The constraints of legacy and hardware-centric storage designs
The biggest obstacle to speed up production times are legacy data storage architectures. Most enterprises continue to store their massive amount of data on systems that were designed over 20 years ago. To keep pace with the exponential data growth, especially with more and more unstructured data like high resolution media, audio, IoT-data or AI- and ML-data being created, the industry has “thrown hardware” at the problem.

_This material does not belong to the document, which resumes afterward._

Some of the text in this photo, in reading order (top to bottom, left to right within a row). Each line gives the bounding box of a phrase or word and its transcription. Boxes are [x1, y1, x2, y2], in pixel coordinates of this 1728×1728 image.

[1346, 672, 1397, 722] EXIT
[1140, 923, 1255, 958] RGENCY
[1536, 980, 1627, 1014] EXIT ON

To power the new era of digital business, a leap in technology and thinking is needed to remove the constraints of yesterday’s data centre. For new demanding workloads, low latency and tremendous IOPS are required, along with increased scalability and native cloud interoperability. One of the key building blocks of new solutions, built for the next era of content creation, is NVMe flash. Unlike traditional SAS and SATA, NVMe was specifically designed for solid-state memory, which makes it possible to process not only thousands but millions of concurrent operations. Without legacy storage hardware from spinning disk hard drives, data can flow onto and from NVMe drives as fast as the network connection can carry it. Now, organisations that create new demanding content for growing markets like VR/AR, gaming or VFX, will have to overcome inefficient content creation workflows and harness the full performance of NVMe if they want to be successful.

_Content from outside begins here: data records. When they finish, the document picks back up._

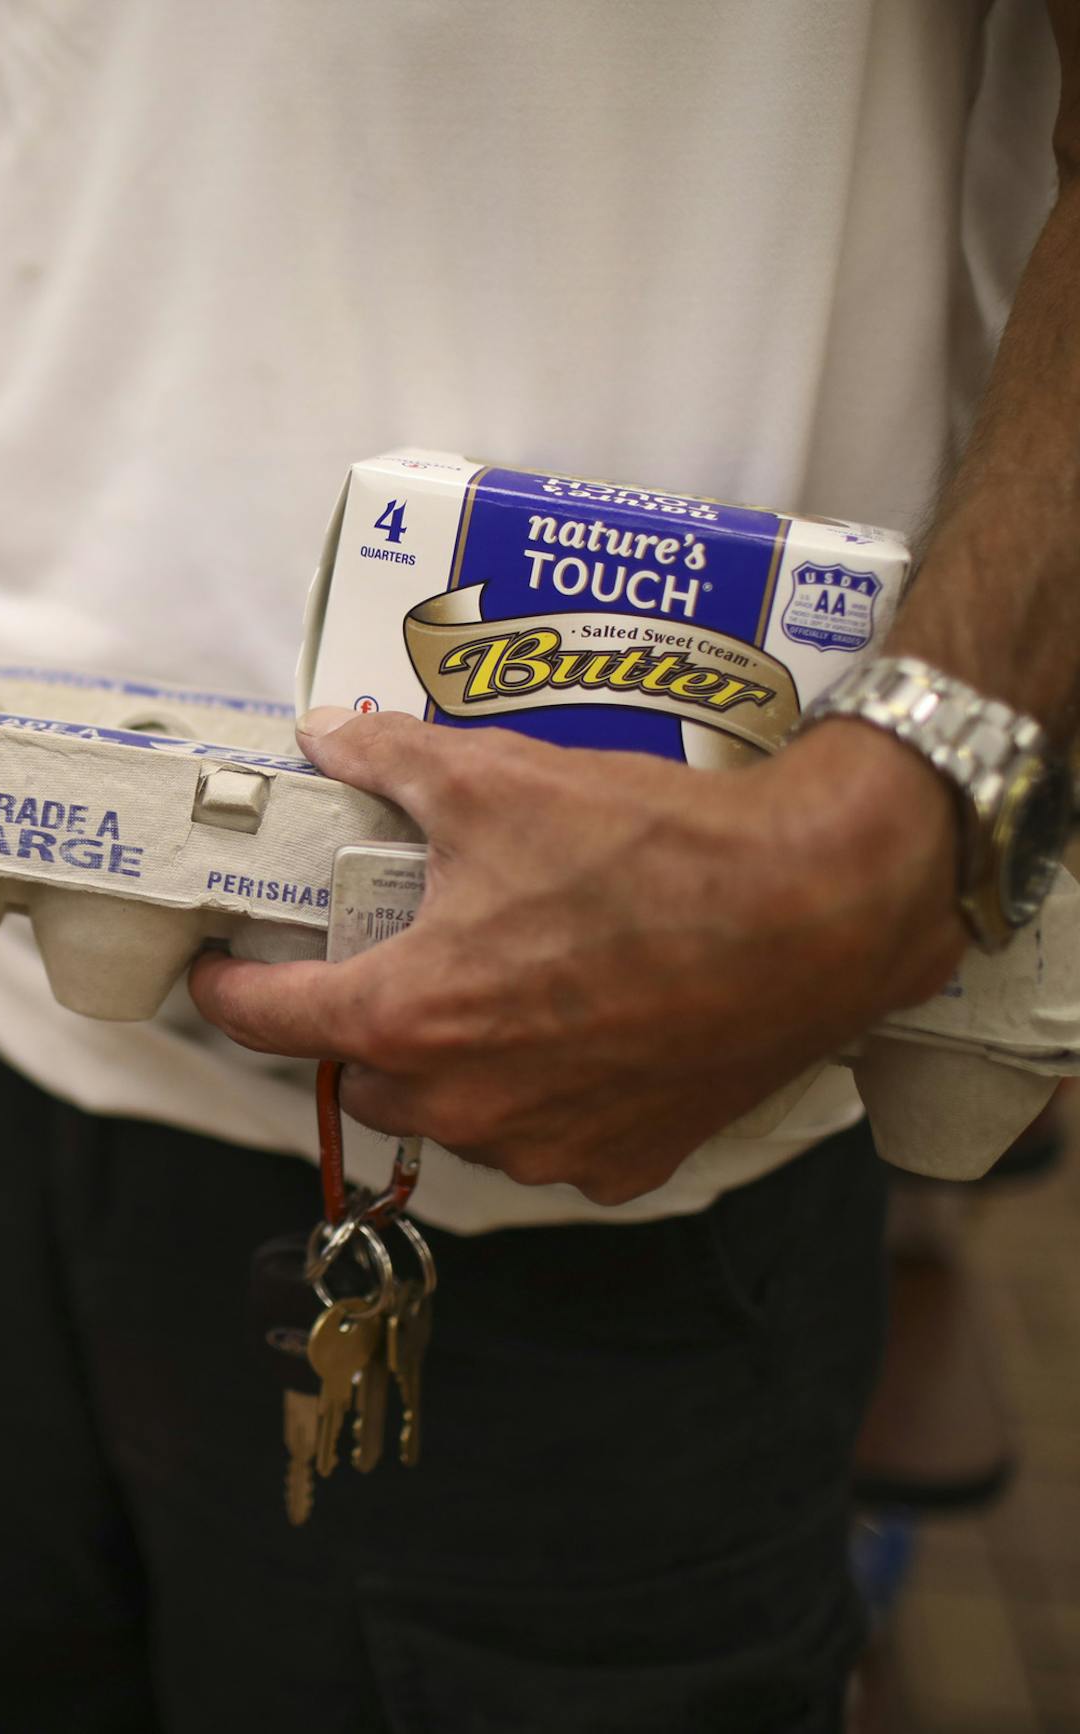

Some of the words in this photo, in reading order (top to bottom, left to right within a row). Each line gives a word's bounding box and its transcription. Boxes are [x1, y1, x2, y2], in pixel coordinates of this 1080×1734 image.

[374, 499, 408, 544] 4
[360, 545, 416, 566] QUARTERS
[528, 515, 707, 570] nature's
[805, 571, 869, 593] USDA
[814, 589, 845, 617] AA
[581, 625, 638, 640] Salted
[642, 628, 694, 649] Sweet
[697, 640, 750, 667] Cream
[438, 626, 776, 711] Butter
[96, 810, 120, 841] A
[376, 907, 414, 922] 5788

New era of creation needs new era of storage
The quickly growing markets for virtual reality, augmented reality, gaming, VFX and digital twinning are creating a huge demand for new high-definition content. Creators are constrained in creating that content by legacy and hardware-centric storage designs that were not designed to handle the massive scale of unstructured data in the modern storage era. The success of creatives in these emerging markets will not only depend on significant new developments in hardware but also on the software layer to improve and speed data management, data enrichment and workflow orchestration.